Make loans directly to the grandchild
- The grandchild's financial aid eligibility is not affected.
- A promise to "forgive" the loan after graduation helps to motivate the student.
- A grandparent can charge a relatively low interest rate under IRS family-loan rules.
- In some cases, demanding repayment can be uncomfortable, and collection can be difficult.
- Interest on the loan is taxable to the grandparent but not deductible by the student.
Contribute to a 529 plan
- Tax-free earnings offer the best opportunity to keep up with tuition increases.
- Eligible expenses include tuition, fees, room and board, books, supplies and computer technology.
- A special five-year election allows up to $65,000 in a one-time contribution to a 529 plan without exceeding gift-tax exclusion limits.
- A state income tax deduction or credit for contributions may be possible, depending on state rules.
- Money stays targeted for college even if the grandparent dies.
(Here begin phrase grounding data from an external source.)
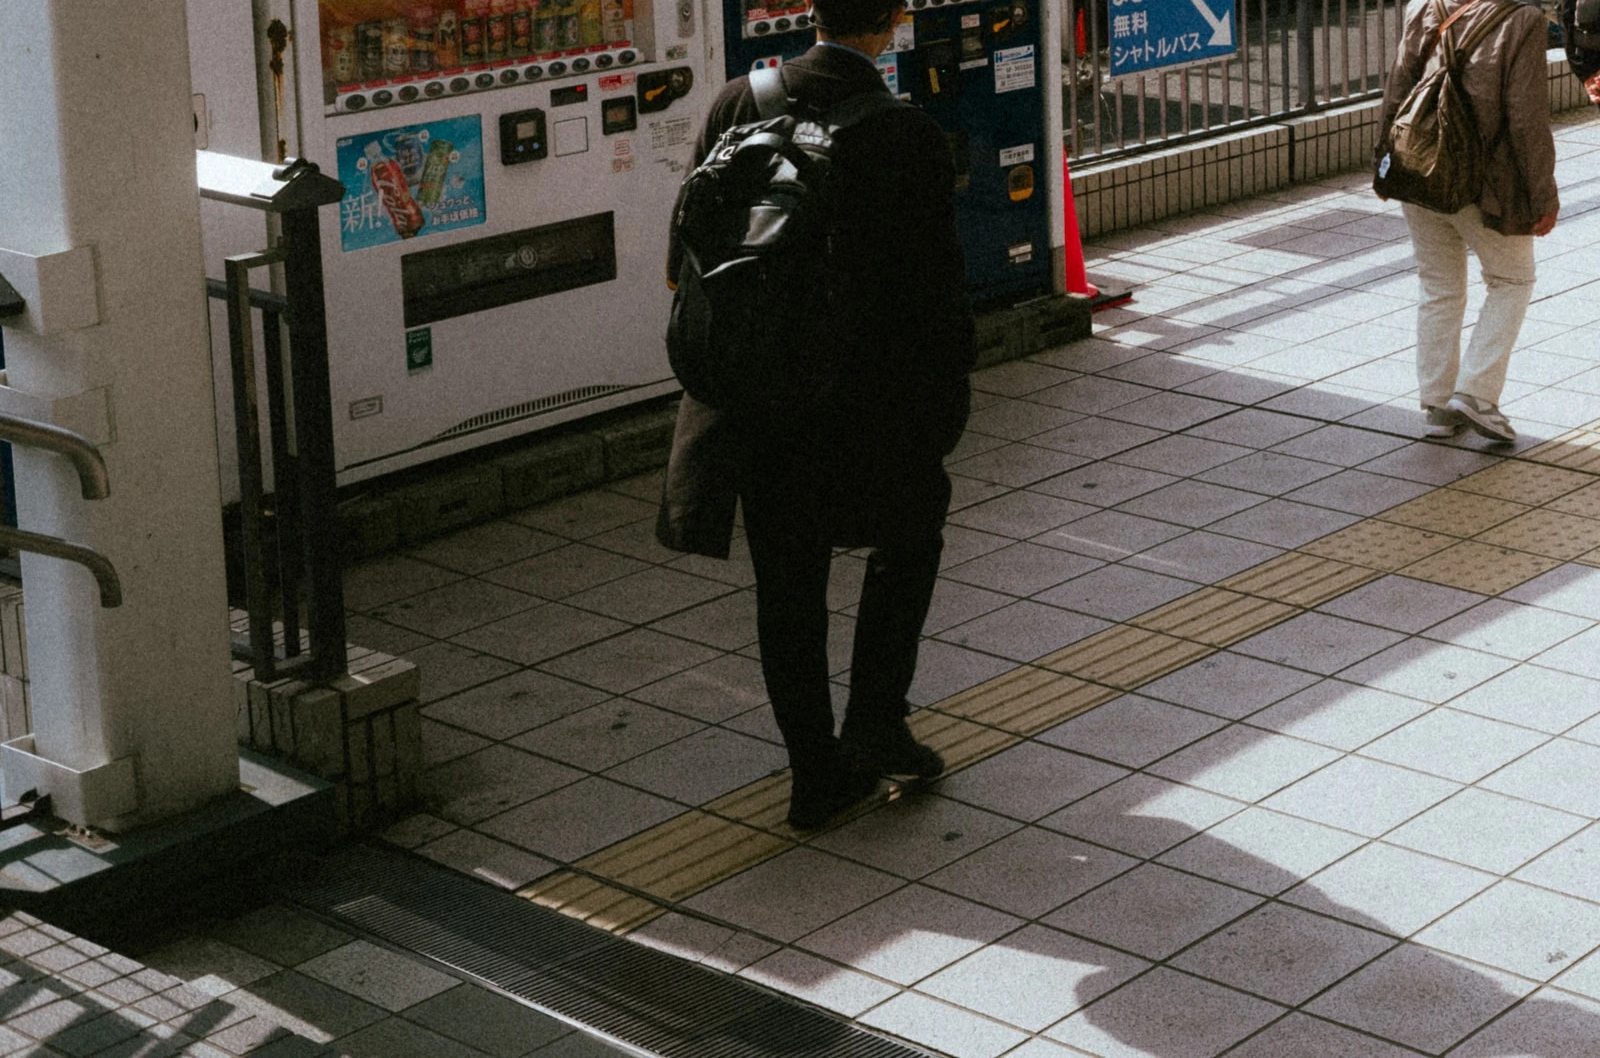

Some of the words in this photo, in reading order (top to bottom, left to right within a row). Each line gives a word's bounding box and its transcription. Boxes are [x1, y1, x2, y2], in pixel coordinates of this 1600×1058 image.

[1113, 11, 1148, 38] 無料
[1114, 32, 1202, 67] シャトルバス
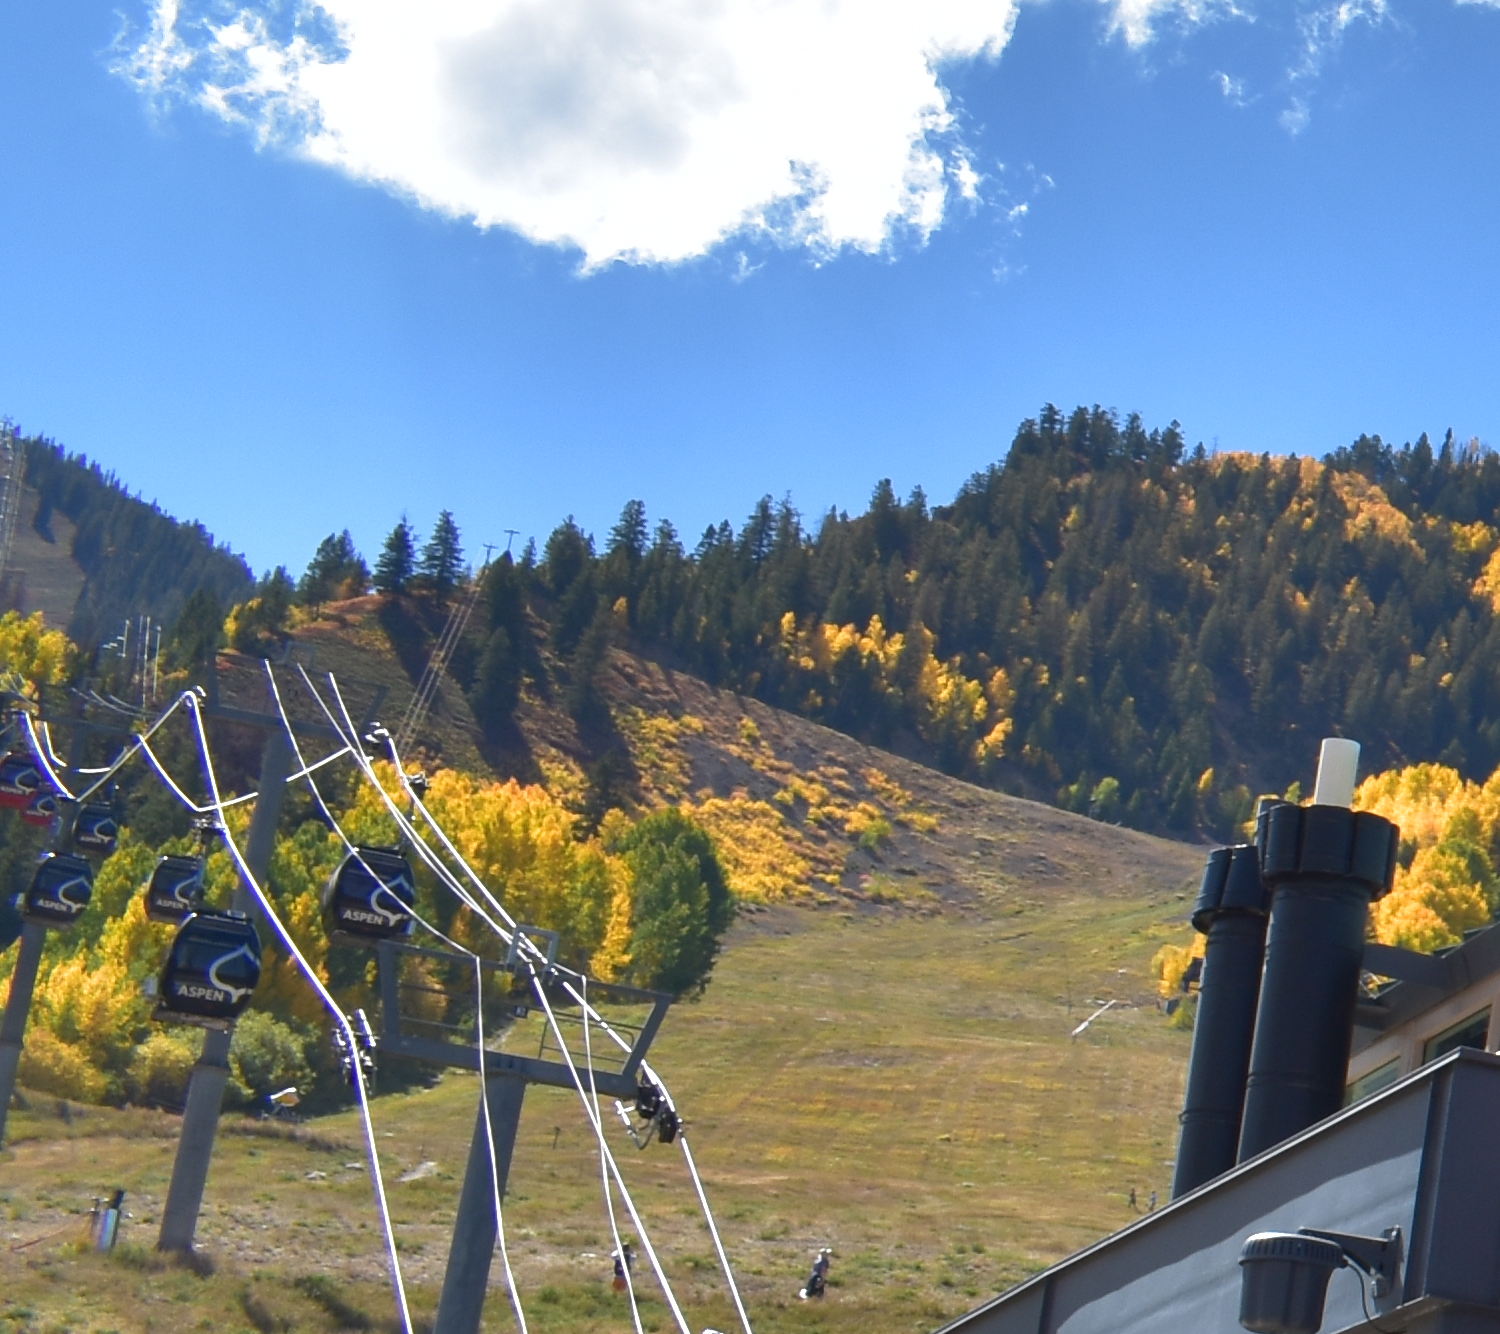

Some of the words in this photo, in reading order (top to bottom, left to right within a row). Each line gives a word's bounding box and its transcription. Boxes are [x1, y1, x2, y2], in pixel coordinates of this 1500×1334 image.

[37, 898, 67, 913] ASPEN
[156, 898, 184, 910] ASPEN
[342, 909, 384, 926] ASPEN
[178, 984, 225, 1003] ASPEN
- The beneficiary can be changed to a different grandchild or other family member at any time, and the grandparent can even revoke the money if desired.
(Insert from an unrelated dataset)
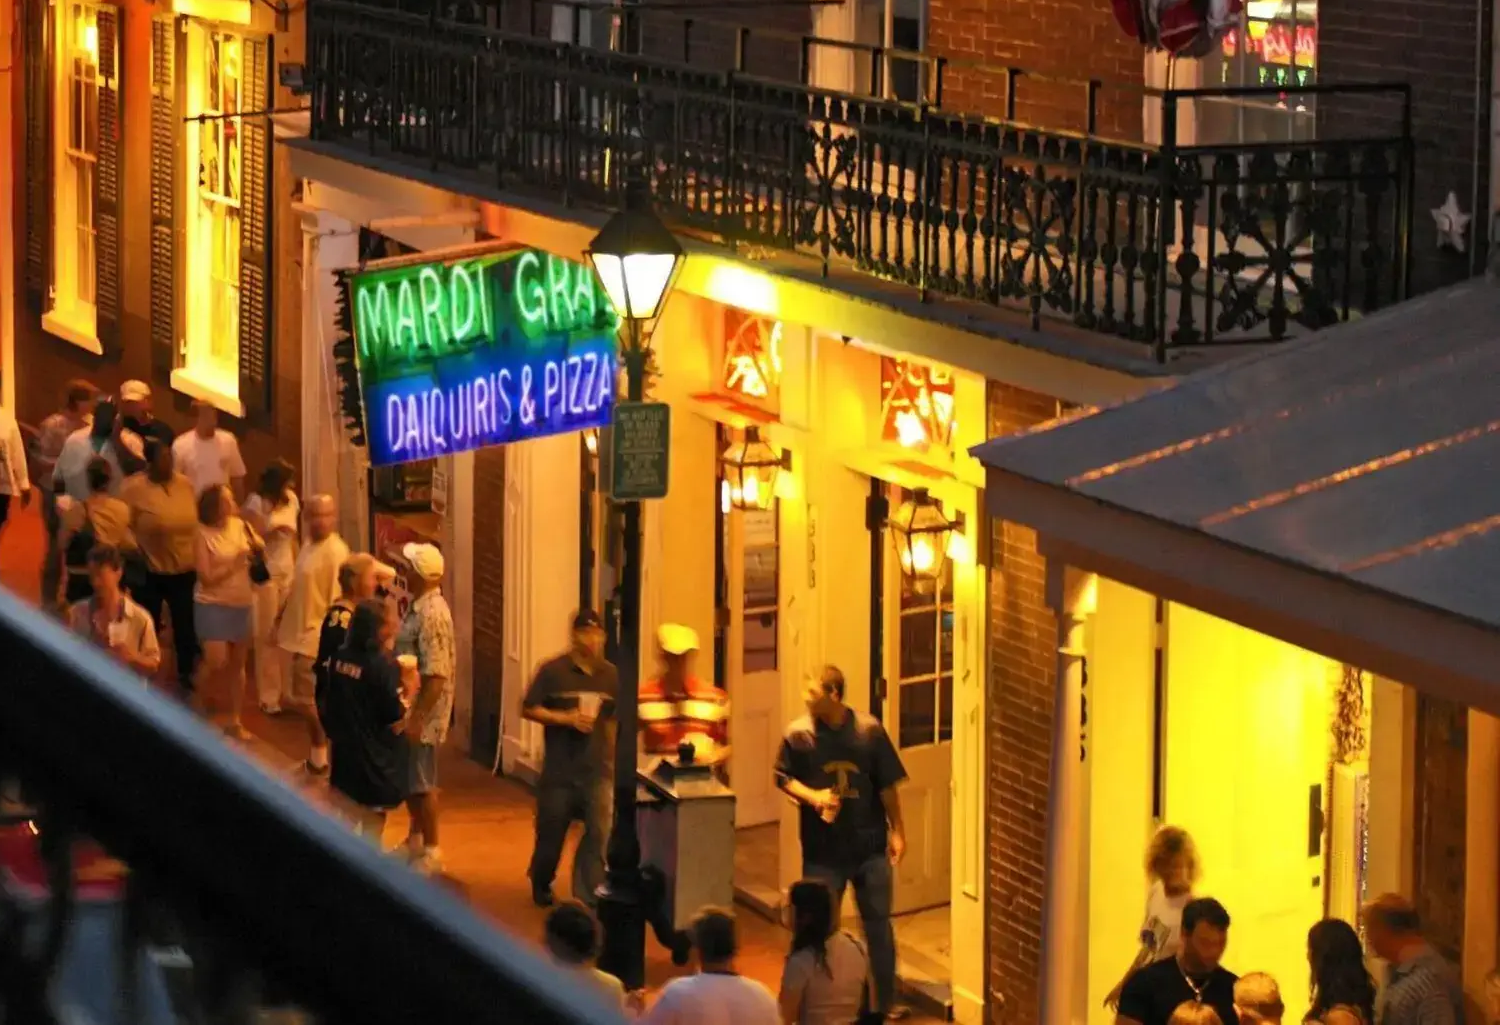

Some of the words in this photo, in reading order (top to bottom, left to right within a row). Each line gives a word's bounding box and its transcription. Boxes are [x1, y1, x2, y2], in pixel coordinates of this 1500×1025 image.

[356, 264, 492, 357] MARDI
[387, 367, 513, 453] DAIQUIRIS
[520, 363, 537, 424] &
[544, 351, 613, 419] PIZZA
- Any earnings withdrawn for nonqualifying purposes are subject to income tax and a 10 percent penalty.
- The power to revoke means funds are normally counted in determining eligibility for Medicaid.
- Most 529 plans charge an ongoing management fee, making them slightly more expensive than mutual fund investing.
Contribute to a Coverdell Education Savings Account, or CESA
- Earnings are tax-free for college and — through 2010 — for K-12 expenses.
- Unlike 529s, CESAs permit self-directed investing.
- Annual contributions from all sources cannot exceed $2,000 for any one child.
- Age and income limits further restrict usage. Most CESAs require that a parent or guardian be responsible for the account, even when funded by a grandparent.
Make gifts into a Uniform Transfers to Minors Act, or UTMA, account
- Cash, stocks and other types of property are easy to transfer into a UTMA.
- Investment income is shifted to the child's tax return.
- Gifts to the UTMA are irrevocable. The child assumes full control of the funds upon reaching a certain age.
- The "kiddie tax" caps the income tax advantage of child-reported earnings.
- The gift-tax annual exclusion of $13,000 may restrict how much is gifted.
Establish an education trust
- The trustee remains legally obligated to carry out the grandparents' wishes as specified in the trust agreement.
- The agreement can restrict the grandchild's access to trust funds regardless of age.
- Legal and accounting fees for establishing and maintaining the trust can be high.
- Careful drafting is necessary to minimize gift-tax consequences.
- Gifts are irrevocable.
- Income accumulated in the trust income is taxed at high rates.
Purchasing U.S. savings bonds
- U.S. savings bonds are safe and simple to purchase at your local bank or at TreasuryDirect.gov.
- Interest income is exempt from state taxes.
- The amount that can be purchased each year is capped at modest levels.
- Interest earnings may not keep pace with tuition inflation.
- Interest is subject to federal taxes upon bond redemption; the exclusion for educational use does not apply when the grandchild is not the grandparent's dependent.